> [ACTION ITEM]: Lines before the one containing "this 1600×1200 image." are left out; that line and all after it, through the end of the records, must be transcribed exactly.

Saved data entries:
# # # #
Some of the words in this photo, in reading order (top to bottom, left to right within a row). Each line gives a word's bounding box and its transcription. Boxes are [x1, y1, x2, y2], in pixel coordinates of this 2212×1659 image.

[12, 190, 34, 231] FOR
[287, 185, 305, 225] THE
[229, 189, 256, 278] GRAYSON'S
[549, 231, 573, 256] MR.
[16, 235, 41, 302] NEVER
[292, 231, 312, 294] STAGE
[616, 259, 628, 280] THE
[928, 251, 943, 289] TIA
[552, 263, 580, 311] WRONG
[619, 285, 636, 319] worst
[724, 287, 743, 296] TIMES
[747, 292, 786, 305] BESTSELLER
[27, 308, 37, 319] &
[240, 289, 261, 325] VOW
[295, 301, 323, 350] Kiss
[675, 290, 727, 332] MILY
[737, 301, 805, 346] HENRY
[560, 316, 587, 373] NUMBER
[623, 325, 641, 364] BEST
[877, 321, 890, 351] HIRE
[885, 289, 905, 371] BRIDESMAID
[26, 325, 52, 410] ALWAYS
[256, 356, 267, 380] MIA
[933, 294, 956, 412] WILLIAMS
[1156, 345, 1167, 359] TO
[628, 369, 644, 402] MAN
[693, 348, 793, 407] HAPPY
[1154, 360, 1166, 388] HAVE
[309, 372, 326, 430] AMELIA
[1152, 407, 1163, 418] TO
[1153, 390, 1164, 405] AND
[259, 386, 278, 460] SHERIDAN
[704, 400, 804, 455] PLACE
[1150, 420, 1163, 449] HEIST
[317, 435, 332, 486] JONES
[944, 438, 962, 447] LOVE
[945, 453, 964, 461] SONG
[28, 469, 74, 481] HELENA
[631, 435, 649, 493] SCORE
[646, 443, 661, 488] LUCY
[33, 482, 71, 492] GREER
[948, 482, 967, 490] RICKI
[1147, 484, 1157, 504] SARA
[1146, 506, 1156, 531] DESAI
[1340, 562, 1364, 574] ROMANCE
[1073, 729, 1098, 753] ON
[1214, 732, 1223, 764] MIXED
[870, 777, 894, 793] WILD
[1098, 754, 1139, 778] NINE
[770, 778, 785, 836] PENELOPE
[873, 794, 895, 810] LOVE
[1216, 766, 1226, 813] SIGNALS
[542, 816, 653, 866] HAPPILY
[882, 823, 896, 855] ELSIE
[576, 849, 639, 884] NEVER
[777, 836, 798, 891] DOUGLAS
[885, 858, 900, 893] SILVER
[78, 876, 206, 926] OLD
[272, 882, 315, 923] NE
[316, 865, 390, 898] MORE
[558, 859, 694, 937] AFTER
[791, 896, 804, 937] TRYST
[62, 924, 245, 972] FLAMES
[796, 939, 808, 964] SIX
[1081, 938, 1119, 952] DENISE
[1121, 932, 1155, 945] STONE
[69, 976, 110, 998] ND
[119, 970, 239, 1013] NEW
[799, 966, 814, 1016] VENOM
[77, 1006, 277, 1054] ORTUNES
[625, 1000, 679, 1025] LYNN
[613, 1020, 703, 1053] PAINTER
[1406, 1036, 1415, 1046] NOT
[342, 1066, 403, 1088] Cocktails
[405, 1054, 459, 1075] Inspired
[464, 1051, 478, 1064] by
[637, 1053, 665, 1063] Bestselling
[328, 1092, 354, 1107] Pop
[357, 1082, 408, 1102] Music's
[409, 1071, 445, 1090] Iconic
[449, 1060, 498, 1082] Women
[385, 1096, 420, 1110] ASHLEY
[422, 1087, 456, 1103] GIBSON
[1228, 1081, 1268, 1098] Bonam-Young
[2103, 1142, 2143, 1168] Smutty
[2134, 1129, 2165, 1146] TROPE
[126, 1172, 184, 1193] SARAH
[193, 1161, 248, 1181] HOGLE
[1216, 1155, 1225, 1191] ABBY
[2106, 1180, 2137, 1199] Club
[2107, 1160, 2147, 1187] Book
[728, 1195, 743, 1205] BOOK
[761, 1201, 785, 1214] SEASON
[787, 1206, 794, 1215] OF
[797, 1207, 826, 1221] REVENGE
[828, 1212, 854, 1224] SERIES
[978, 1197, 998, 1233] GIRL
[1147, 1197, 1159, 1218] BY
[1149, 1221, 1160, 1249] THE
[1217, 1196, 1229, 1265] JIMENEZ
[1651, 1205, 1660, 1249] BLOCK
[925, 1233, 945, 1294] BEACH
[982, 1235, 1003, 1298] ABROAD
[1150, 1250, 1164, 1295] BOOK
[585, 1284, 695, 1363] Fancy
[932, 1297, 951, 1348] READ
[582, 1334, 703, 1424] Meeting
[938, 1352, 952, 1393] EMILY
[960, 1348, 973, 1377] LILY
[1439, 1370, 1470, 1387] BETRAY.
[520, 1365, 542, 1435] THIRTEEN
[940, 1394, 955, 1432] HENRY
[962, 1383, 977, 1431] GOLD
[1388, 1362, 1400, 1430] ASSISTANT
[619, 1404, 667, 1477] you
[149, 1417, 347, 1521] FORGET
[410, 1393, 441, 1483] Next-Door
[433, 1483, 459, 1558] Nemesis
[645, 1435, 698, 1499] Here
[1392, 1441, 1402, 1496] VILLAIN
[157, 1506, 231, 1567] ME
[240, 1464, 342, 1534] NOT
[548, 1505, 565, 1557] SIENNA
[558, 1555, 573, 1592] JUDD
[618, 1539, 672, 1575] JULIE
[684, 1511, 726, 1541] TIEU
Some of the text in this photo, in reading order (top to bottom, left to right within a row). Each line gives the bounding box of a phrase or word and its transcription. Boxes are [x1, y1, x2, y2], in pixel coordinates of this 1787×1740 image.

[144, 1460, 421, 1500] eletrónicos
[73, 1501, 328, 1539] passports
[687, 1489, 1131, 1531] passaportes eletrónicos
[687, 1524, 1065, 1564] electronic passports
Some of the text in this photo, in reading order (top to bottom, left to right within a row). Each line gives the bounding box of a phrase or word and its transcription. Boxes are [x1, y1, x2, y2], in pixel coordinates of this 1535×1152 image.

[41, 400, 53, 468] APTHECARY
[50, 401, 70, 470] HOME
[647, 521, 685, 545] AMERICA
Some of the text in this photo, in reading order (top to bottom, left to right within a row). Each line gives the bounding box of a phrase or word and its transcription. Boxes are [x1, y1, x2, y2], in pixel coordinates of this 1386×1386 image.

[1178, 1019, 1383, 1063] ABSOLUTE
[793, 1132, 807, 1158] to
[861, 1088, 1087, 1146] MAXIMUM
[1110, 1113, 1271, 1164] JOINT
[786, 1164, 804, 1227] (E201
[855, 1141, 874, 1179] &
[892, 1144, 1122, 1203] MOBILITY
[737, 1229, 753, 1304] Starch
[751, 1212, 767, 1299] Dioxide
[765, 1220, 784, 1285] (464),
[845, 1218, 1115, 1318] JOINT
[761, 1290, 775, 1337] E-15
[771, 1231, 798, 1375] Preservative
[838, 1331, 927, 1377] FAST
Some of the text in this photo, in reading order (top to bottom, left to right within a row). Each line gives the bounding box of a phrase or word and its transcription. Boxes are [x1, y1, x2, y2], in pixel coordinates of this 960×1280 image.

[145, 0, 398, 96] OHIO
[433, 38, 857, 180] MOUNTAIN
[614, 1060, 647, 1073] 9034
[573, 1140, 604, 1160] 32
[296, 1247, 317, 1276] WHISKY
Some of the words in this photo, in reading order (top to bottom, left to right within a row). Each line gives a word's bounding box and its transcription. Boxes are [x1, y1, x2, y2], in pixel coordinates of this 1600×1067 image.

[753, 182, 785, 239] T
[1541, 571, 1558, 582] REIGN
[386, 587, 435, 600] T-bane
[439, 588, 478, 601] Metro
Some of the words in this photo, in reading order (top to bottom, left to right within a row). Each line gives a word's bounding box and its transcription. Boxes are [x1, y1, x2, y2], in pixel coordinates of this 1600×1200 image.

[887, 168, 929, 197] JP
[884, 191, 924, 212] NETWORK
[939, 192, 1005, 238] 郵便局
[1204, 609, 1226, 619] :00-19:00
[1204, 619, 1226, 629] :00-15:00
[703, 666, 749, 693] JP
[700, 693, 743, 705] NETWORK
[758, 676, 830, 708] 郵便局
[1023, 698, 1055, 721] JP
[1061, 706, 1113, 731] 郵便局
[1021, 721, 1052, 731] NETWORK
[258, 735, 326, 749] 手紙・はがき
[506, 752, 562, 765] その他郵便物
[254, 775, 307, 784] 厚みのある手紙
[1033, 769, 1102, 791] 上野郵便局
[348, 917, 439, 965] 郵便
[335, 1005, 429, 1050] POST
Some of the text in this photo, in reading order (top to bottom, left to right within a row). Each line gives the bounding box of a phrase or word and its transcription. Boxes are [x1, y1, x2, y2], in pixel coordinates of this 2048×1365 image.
# # # #
> [EXERCISE RESPONSE]:
Some of the words in this photo, in reading order (top to bottom, left to right within a row). Each line gives a word's bounding box and its transcription. Boxes are [x1, y1, x2, y2], in pixel coordinates of this 1600×1200 image.

[887, 168, 929, 197] JP
[884, 191, 924, 212] NETWORK
[939, 192, 1005, 238] 郵便局
[1204, 609, 1226, 619] :00-19:00
[1204, 619, 1226, 629] :00-15:00
[703, 666, 749, 693] JP
[700, 693, 743, 705] NETWORK
[758, 676, 830, 708] 郵便局
[1023, 698, 1055, 721] JP
[1061, 706, 1113, 731] 郵便局
[1021, 721, 1052, 731] NETWORK
[258, 735, 326, 749] 手紙・はがき
[506, 752, 562, 765] その他郵便物
[254, 775, 307, 784] 厚みのある手紙
[1033, 769, 1102, 791] 上野郵便局
[348, 917, 439, 965] 郵便
[335, 1005, 429, 1050] POST
Some of the text in this photo, in reading order (top to bottom, left to right within a row). Each line gives the bounding box of a phrase or word and its transcription. Boxes are [x1, y1, x2, y2], in pixel coordinates of this 2048×1365 image.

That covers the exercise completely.